- _WHAT THE TASK REQUIRES_
Could you write out the records below exactly as they appear?

___

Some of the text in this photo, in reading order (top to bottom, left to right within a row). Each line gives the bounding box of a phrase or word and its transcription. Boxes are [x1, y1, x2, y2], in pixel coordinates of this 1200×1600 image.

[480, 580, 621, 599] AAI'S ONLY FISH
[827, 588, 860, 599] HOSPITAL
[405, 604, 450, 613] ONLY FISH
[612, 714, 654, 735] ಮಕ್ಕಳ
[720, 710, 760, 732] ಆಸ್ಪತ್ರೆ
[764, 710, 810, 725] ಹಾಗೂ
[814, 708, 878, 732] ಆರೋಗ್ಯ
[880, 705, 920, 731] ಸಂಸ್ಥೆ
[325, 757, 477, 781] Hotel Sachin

___

- _YOUR SOLUTION_
Some of the text in this photo, in reading order (top to bottom, left to right within a row). Each line gives the bounding box of a phrase or word and its transcription. Boxes are [x1, y1, x2, y2], in pixel coordinates of this 1200×1600 image.

[480, 580, 621, 599] AAI'S ONLY FISH
[827, 588, 860, 599] HOSPITAL
[405, 604, 450, 613] ONLY FISH
[612, 714, 654, 735] ಮಕ್ಕಳ
[720, 710, 760, 732] ಆಸ್ಪತ್ರೆ
[764, 710, 810, 725] ಹಾಗೂ
[814, 708, 878, 732] ಆರೋಗ್ಯ
[880, 705, 920, 731] ಸಂಸ್ಥೆ
[325, 757, 477, 781] Hotel Sachin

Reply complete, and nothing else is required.